И вот когда не было дома хозяев (а днем они всегда на работе), для меня не было большей радости, чем бродить по этому удивительному дому. Да бродить босиком, не спеша. Вразвалку. Чтобы не только сердцем и разумом – подошвами ног почувствовать прошлые времена.
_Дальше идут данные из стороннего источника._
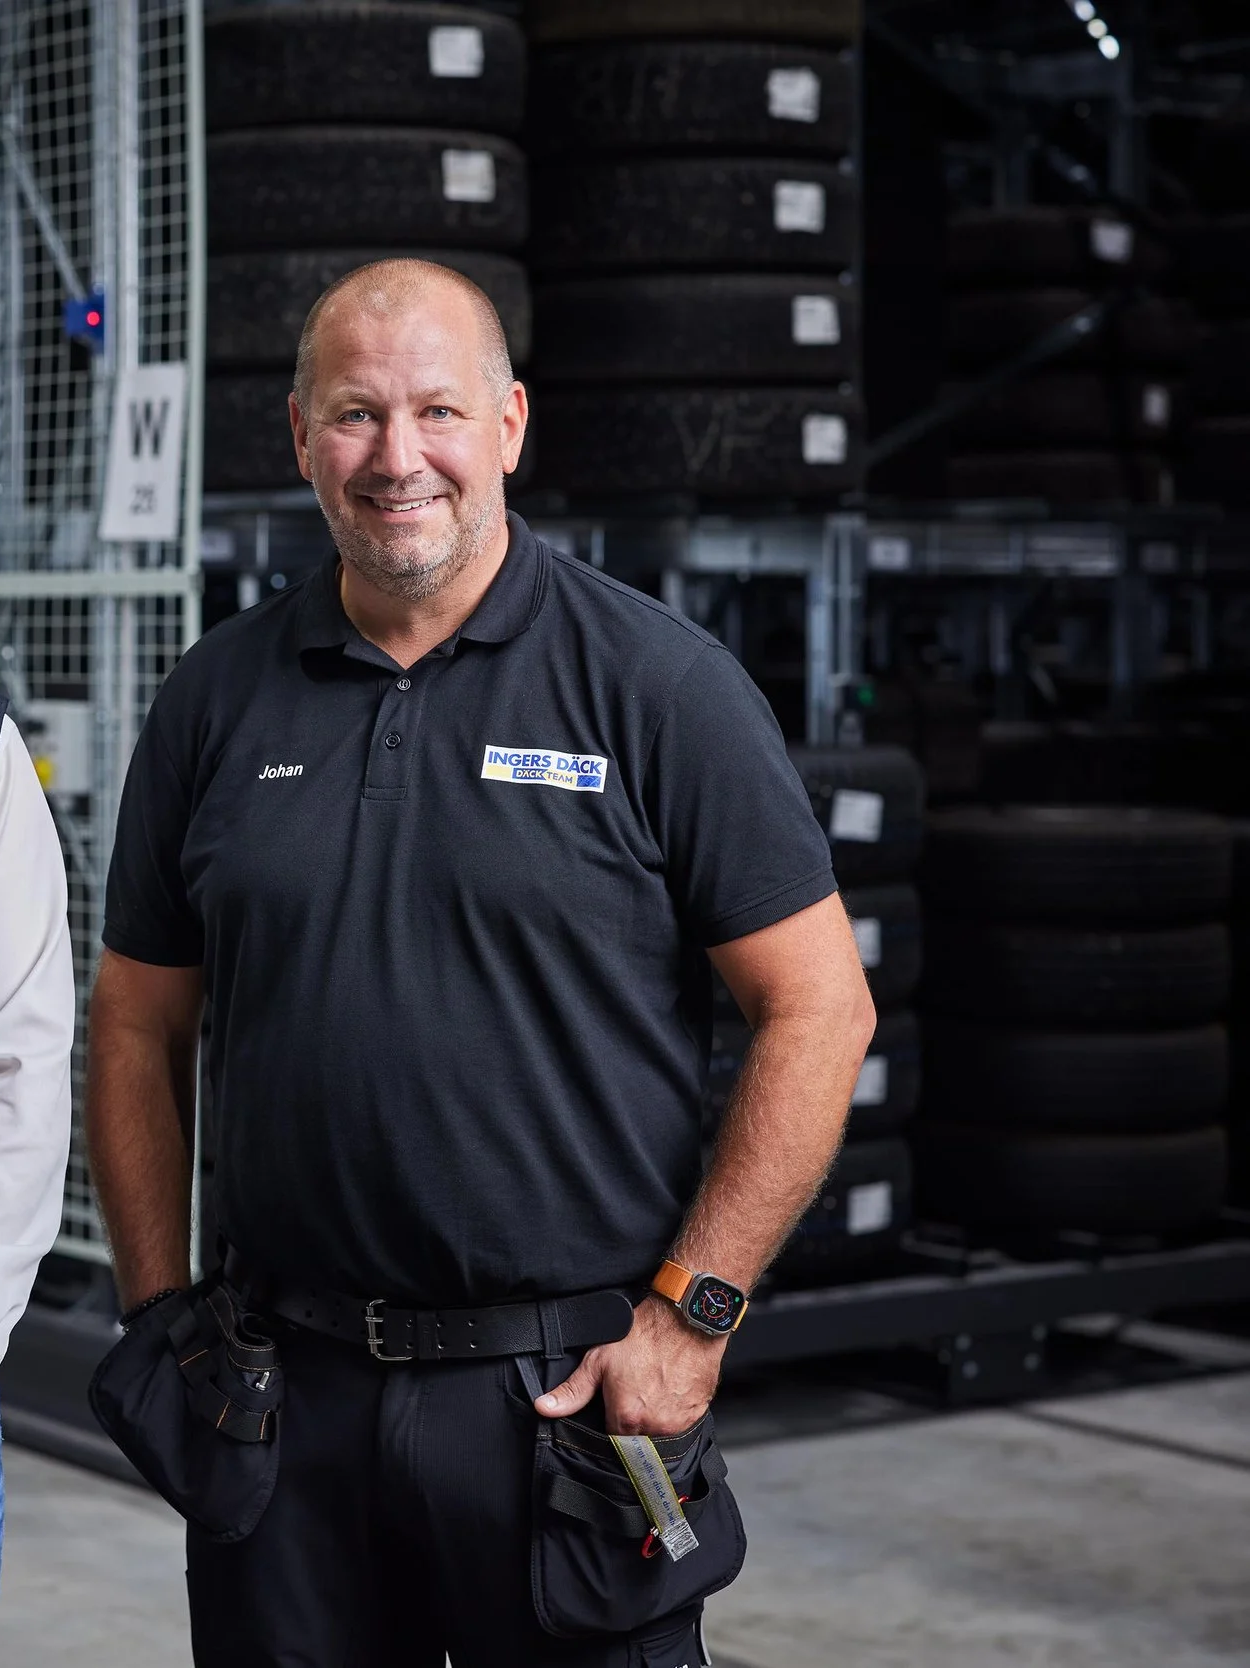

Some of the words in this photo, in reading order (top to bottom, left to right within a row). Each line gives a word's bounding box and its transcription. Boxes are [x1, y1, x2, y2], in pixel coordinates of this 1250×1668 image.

[128, 397, 170, 459] W
[258, 764, 304, 780] Johan
[487, 751, 552, 768] INGERS
[556, 756, 602, 775] DÄCK
[515, 769, 543, 779] DÄCK
[546, 771, 573, 784] TEAM
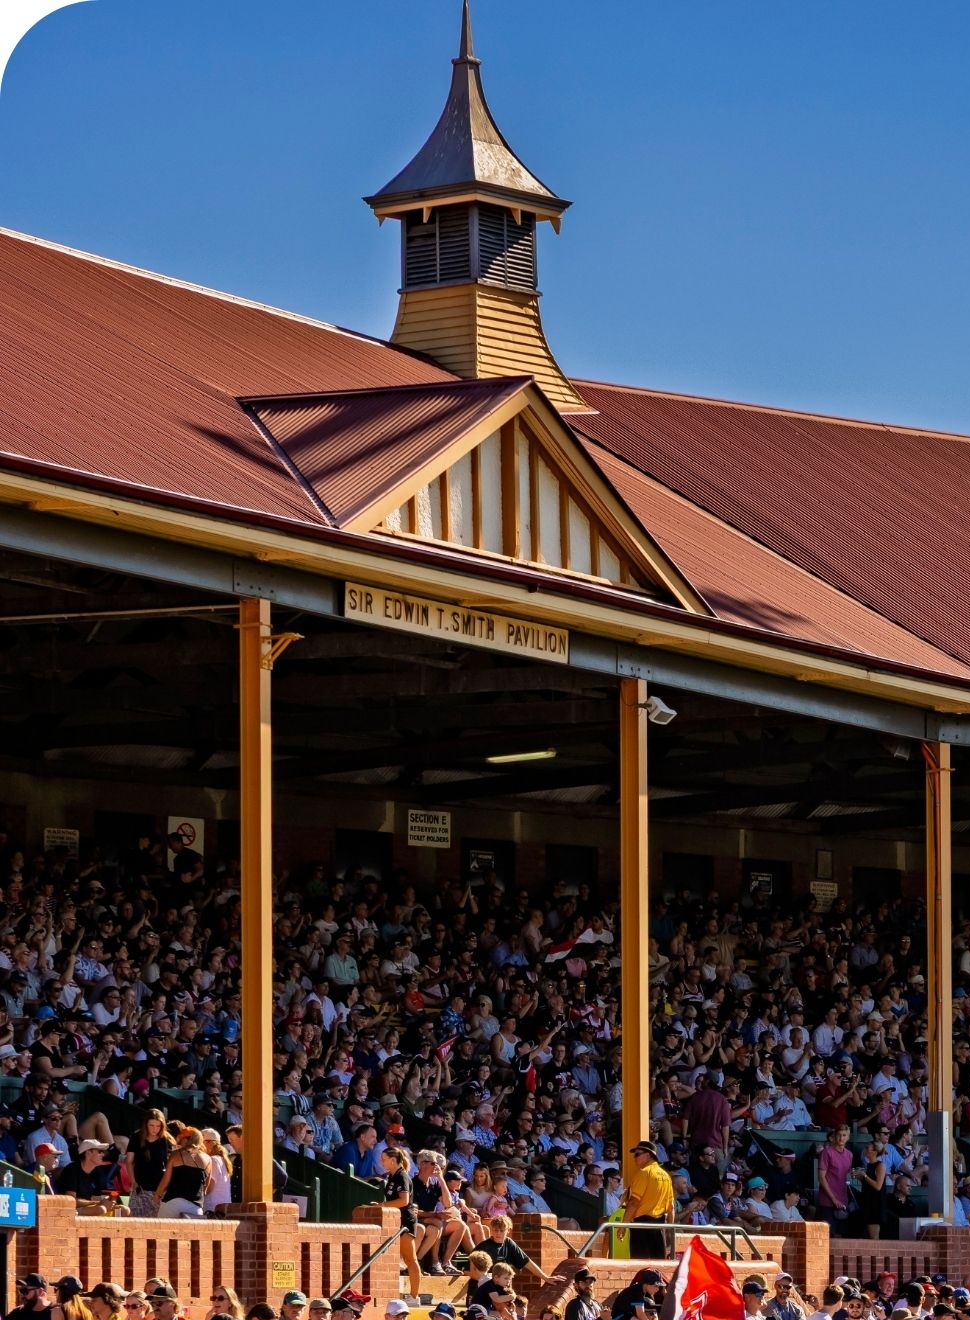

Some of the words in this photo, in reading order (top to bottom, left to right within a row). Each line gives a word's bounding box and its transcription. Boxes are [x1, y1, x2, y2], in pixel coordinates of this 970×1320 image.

[348, 589, 373, 615] SIR
[384, 596, 430, 627] EDWIN
[507, 623, 567, 655] PAVILION
[410, 813, 439, 824] SECTION
[441, 815, 447, 825] E
[410, 825, 438, 833] RESERVED
[273, 1262, 294, 1270] CAUTION
Теперь, с приездом старухи, на этих разгулах по дому надо поставить крест – это было мне ясно. И на моих музейных занятиях – так я называл собирание старой крестьянской утвари и посуды, разбросанной по всему дому, – тоже придется поставить крест. Разве смогу я втащить в избу какой-нибудь пропылившийся берестяный туес и так и этак разглядывать его под носом у старой хозяйки? Ну, а о всяких там других привычках и удовольствиях, вроде того чтобы среди дня завалиться на кровать и засмолить папиросу, об этом и думать нечего. Забудь. Не смей! Старуха в доме.
2
Я долго сидел в лодке, приткнутой к берегу.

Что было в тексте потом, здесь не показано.